Your task ▸ Return the exact lines spanning from the line with "this 1365×1536 image." through the last line of the entries, boundaries included, and no others.

Stored items from a collection ▸
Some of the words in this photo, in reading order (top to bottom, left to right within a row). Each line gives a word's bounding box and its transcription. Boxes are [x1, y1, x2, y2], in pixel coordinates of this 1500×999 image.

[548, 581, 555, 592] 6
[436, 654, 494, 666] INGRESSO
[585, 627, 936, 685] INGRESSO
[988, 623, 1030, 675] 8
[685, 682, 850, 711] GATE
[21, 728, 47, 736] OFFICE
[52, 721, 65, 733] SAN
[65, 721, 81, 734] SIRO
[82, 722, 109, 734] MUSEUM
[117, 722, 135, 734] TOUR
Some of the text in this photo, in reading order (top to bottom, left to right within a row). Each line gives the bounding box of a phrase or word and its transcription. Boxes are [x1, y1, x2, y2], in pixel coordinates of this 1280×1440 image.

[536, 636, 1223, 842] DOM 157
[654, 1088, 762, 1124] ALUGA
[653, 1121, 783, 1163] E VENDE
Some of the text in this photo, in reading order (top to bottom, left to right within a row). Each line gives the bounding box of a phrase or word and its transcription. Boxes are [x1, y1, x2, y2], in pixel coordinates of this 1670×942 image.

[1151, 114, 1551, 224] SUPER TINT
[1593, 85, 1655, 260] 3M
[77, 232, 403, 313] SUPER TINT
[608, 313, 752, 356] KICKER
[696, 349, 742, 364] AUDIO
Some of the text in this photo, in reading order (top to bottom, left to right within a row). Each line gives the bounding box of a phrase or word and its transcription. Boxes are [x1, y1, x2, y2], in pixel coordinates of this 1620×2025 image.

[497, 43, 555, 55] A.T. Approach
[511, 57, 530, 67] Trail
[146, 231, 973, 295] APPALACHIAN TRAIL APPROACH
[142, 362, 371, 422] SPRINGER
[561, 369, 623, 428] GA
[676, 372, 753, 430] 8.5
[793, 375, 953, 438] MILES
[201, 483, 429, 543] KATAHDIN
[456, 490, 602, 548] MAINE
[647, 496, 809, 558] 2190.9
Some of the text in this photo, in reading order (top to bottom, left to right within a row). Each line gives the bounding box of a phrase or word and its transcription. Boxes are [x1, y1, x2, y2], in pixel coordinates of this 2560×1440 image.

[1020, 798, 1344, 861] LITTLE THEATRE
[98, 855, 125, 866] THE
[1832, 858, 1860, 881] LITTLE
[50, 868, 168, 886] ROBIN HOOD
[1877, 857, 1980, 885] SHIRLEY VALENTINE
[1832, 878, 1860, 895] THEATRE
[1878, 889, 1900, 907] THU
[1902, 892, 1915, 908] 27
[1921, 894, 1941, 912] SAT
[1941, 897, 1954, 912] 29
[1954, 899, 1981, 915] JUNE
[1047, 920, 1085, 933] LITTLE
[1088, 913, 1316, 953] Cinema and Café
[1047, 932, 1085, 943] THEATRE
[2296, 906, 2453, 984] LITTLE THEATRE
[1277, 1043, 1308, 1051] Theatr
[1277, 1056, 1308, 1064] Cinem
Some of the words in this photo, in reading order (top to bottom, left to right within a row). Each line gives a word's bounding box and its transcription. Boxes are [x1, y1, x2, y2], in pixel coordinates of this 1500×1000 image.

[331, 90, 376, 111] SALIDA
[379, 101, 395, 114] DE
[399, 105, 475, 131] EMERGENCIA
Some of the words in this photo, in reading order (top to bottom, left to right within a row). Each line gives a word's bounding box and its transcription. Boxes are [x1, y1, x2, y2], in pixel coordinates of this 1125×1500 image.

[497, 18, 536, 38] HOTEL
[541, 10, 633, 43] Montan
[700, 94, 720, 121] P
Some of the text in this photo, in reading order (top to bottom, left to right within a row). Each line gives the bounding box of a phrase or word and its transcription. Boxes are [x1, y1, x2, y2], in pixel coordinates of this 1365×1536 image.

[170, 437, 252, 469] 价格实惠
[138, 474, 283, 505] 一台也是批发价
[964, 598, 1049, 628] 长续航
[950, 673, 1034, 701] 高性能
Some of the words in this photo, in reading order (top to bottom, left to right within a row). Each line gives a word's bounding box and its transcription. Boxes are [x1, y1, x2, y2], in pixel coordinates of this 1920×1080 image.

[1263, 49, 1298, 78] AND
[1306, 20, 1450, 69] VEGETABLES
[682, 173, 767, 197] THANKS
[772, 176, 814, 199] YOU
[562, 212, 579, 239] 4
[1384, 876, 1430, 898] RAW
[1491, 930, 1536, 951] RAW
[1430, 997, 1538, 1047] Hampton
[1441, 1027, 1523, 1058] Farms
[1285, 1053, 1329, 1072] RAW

Problem solution ▸
Some of the text in this photo, in reading order (top to bottom, left to right within a row). Each line gives the bounding box of a phrase or word and its transcription. Boxes are [x1, y1, x2, y2], in pixel coordinates of this 1365×1536 image.

[170, 437, 252, 469] 价格实惠
[138, 474, 283, 505] 一台也是批发价
[964, 598, 1049, 628] 长续航
[950, 673, 1034, 701] 高性能
Some of the words in this photo, in reading order (top to bottom, left to right within a row). Each line gives a word's bounding box and its transcription. Boxes are [x1, y1, x2, y2], in pixel coordinates of this 1920×1080 image.

[1263, 49, 1298, 78] AND
[1306, 20, 1450, 69] VEGETABLES
[682, 173, 767, 197] THANKS
[772, 176, 814, 199] YOU
[562, 212, 579, 239] 4
[1384, 876, 1430, 898] RAW
[1491, 930, 1536, 951] RAW
[1430, 997, 1538, 1047] Hampton
[1441, 1027, 1523, 1058] Farms
[1285, 1053, 1329, 1072] RAW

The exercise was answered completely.